WHAT THE TASK ASKS: Your task is to copy all of the entries exactly as they are given.

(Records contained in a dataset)
════════════════════

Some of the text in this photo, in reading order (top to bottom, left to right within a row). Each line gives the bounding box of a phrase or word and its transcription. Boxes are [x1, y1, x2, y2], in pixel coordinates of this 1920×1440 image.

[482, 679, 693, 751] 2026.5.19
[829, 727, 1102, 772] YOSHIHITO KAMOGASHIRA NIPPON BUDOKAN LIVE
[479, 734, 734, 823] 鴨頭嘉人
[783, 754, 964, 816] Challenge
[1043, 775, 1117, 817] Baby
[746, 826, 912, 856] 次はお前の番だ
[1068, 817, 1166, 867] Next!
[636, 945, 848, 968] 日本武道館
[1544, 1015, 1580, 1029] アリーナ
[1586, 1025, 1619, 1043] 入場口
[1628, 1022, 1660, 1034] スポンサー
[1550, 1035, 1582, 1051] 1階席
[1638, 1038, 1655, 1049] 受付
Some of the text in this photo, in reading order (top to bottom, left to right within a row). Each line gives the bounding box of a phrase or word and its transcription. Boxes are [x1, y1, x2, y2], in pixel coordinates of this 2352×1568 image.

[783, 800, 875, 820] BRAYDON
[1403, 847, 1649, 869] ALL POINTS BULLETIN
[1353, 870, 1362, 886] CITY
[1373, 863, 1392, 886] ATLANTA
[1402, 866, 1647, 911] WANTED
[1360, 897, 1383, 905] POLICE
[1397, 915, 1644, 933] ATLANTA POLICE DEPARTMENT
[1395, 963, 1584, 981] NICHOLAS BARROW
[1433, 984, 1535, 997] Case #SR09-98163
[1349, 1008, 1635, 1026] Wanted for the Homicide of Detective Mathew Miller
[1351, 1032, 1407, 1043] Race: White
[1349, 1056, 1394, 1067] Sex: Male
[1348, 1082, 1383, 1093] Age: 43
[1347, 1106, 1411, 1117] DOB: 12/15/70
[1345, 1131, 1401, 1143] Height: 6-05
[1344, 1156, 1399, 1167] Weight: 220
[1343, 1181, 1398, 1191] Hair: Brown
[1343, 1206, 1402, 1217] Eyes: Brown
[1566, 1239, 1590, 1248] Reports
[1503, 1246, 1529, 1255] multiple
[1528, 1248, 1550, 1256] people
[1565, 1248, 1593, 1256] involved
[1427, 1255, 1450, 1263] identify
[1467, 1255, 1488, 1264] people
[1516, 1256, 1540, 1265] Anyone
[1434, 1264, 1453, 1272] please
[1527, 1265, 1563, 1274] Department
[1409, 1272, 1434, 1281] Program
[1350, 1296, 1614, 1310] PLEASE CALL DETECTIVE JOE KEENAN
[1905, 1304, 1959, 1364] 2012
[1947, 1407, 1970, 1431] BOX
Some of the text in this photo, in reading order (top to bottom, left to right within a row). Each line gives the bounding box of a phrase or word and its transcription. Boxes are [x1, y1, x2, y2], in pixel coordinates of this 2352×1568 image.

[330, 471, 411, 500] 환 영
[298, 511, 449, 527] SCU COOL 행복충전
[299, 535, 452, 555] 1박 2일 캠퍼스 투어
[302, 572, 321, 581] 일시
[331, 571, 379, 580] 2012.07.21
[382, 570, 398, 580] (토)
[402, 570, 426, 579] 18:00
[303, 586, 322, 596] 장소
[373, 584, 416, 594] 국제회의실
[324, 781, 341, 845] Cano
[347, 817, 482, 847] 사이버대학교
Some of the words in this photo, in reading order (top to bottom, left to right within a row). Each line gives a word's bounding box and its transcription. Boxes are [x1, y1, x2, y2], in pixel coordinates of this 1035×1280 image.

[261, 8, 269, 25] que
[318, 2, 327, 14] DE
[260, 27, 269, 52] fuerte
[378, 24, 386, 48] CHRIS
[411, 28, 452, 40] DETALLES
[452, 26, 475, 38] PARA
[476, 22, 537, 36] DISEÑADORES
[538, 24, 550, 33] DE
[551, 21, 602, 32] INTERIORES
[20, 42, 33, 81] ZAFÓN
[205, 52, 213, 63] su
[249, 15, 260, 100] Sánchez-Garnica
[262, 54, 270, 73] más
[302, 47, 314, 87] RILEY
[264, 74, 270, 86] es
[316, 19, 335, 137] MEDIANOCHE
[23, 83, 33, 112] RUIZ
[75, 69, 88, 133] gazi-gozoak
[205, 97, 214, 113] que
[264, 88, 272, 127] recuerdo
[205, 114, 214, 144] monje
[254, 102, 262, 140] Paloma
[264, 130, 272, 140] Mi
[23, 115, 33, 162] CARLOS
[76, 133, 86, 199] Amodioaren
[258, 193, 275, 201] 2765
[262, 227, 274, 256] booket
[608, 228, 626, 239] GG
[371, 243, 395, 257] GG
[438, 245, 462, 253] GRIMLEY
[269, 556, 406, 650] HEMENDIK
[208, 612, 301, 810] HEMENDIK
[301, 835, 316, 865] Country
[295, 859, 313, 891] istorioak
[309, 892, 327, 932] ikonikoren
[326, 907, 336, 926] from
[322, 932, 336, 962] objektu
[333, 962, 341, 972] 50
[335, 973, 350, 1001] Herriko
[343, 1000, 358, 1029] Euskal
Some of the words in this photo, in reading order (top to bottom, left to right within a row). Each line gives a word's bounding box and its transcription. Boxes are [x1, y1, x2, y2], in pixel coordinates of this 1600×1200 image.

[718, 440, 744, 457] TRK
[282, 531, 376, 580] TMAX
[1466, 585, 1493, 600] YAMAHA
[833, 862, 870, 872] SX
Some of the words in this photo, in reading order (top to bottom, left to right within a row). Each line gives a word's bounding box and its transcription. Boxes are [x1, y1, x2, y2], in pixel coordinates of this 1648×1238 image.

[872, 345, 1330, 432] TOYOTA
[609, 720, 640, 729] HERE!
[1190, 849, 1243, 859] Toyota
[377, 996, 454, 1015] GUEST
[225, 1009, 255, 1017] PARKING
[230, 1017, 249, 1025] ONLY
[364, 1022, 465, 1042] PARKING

════════════════════

FINISHED TASK:
Some of the text in this photo, in reading order (top to bottom, left to right within a row). Each line gives the bounding box of a phrase or word and its transcription. Boxes are [x1, y1, x2, y2], in pixel coordinates of this 1920×1440 image.

[482, 679, 693, 751] 2026.5.19
[829, 727, 1102, 772] YOSHIHITO KAMOGASHIRA NIPPON BUDOKAN LIVE
[479, 734, 734, 823] 鴨頭嘉人
[783, 754, 964, 816] Challenge
[1043, 775, 1117, 817] Baby
[746, 826, 912, 856] 次はお前の番だ
[1068, 817, 1166, 867] Next!
[636, 945, 848, 968] 日本武道館
[1544, 1015, 1580, 1029] アリーナ
[1586, 1025, 1619, 1043] 入場口
[1628, 1022, 1660, 1034] スポンサー
[1550, 1035, 1582, 1051] 1階席
[1638, 1038, 1655, 1049] 受付
Some of the text in this photo, in reading order (top to bottom, left to right within a row). Each line gives the bounding box of a phrase or word and its transcription. Boxes are [x1, y1, x2, y2], in pixel coordinates of this 2352×1568 image.

[783, 800, 875, 820] BRAYDON
[1403, 847, 1649, 869] ALL POINTS BULLETIN
[1353, 870, 1362, 886] CITY
[1373, 863, 1392, 886] ATLANTA
[1402, 866, 1647, 911] WANTED
[1360, 897, 1383, 905] POLICE
[1397, 915, 1644, 933] ATLANTA POLICE DEPARTMENT
[1395, 963, 1584, 981] NICHOLAS BARROW
[1433, 984, 1535, 997] Case #SR09-98163
[1349, 1008, 1635, 1026] Wanted for the Homicide of Detective Mathew Miller
[1351, 1032, 1407, 1043] Race: White
[1349, 1056, 1394, 1067] Sex: Male
[1348, 1082, 1383, 1093] Age: 43
[1347, 1106, 1411, 1117] DOB: 12/15/70
[1345, 1131, 1401, 1143] Height: 6-05
[1344, 1156, 1399, 1167] Weight: 220
[1343, 1181, 1398, 1191] Hair: Brown
[1343, 1206, 1402, 1217] Eyes: Brown
[1566, 1239, 1590, 1248] Reports
[1503, 1246, 1529, 1255] multiple
[1528, 1248, 1550, 1256] people
[1565, 1248, 1593, 1256] involved
[1427, 1255, 1450, 1263] identify
[1467, 1255, 1488, 1264] people
[1516, 1256, 1540, 1265] Anyone
[1434, 1264, 1453, 1272] please
[1527, 1265, 1563, 1274] Department
[1409, 1272, 1434, 1281] Program
[1350, 1296, 1614, 1310] PLEASE CALL DETECTIVE JOE KEENAN
[1905, 1304, 1959, 1364] 2012
[1947, 1407, 1970, 1431] BOX
Some of the text in this photo, in reading order (top to bottom, left to right within a row). Each line gives the bounding box of a phrase or word and its transcription. Boxes are [x1, y1, x2, y2], in pixel coordinates of this 2352×1568 image.

[330, 471, 411, 500] 환 영
[298, 511, 449, 527] SCU COOL 행복충전
[299, 535, 452, 555] 1박 2일 캠퍼스 투어
[302, 572, 321, 581] 일시
[331, 571, 379, 580] 2012.07.21
[382, 570, 398, 580] (토)
[402, 570, 426, 579] 18:00
[303, 586, 322, 596] 장소
[373, 584, 416, 594] 국제회의실
[324, 781, 341, 845] Cano
[347, 817, 482, 847] 사이버대학교
Some of the words in this photo, in reading order (top to bottom, left to right within a row). Each line gives a word's bounding box and its transcription. Boxes are [x1, y1, x2, y2], in pixel coordinates of this 1035×1280 image.

[261, 8, 269, 25] que
[318, 2, 327, 14] DE
[260, 27, 269, 52] fuerte
[378, 24, 386, 48] CHRIS
[411, 28, 452, 40] DETALLES
[452, 26, 475, 38] PARA
[476, 22, 537, 36] DISEÑADORES
[538, 24, 550, 33] DE
[551, 21, 602, 32] INTERIORES
[20, 42, 33, 81] ZAFÓN
[205, 52, 213, 63] su
[249, 15, 260, 100] Sánchez-Garnica
[262, 54, 270, 73] más
[302, 47, 314, 87] RILEY
[264, 74, 270, 86] es
[316, 19, 335, 137] MEDIANOCHE
[23, 83, 33, 112] RUIZ
[75, 69, 88, 133] gazi-gozoak
[205, 97, 214, 113] que
[264, 88, 272, 127] recuerdo
[205, 114, 214, 144] monje
[254, 102, 262, 140] Paloma
[264, 130, 272, 140] Mi
[23, 115, 33, 162] CARLOS
[76, 133, 86, 199] Amodioaren
[258, 193, 275, 201] 2765
[262, 227, 274, 256] booket
[608, 228, 626, 239] GG
[371, 243, 395, 257] GG
[438, 245, 462, 253] GRIMLEY
[269, 556, 406, 650] HEMENDIK
[208, 612, 301, 810] HEMENDIK
[301, 835, 316, 865] Country
[295, 859, 313, 891] istorioak
[309, 892, 327, 932] ikonikoren
[326, 907, 336, 926] from
[322, 932, 336, 962] objektu
[333, 962, 341, 972] 50
[335, 973, 350, 1001] Herriko
[343, 1000, 358, 1029] Euskal
Some of the words in this photo, in reading order (top to bottom, left to right within a row). Each line gives a word's bounding box and its transcription. Boxes are [x1, y1, x2, y2], in pixel coordinates of this 1600×1200 image.

[718, 440, 744, 457] TRK
[282, 531, 376, 580] TMAX
[1466, 585, 1493, 600] YAMAHA
[833, 862, 870, 872] SX
Some of the words in this photo, in reading order (top to bottom, left to right within a row). Each line gives a word's bounding box and its transcription. Boxes are [x1, y1, x2, y2], in pixel coordinates of this 1648×1238 image.

[872, 345, 1330, 432] TOYOTA
[609, 720, 640, 729] HERE!
[1190, 849, 1243, 859] Toyota
[377, 996, 454, 1015] GUEST
[225, 1009, 255, 1017] PARKING
[230, 1017, 249, 1025] ONLY
[364, 1022, 465, 1042] PARKING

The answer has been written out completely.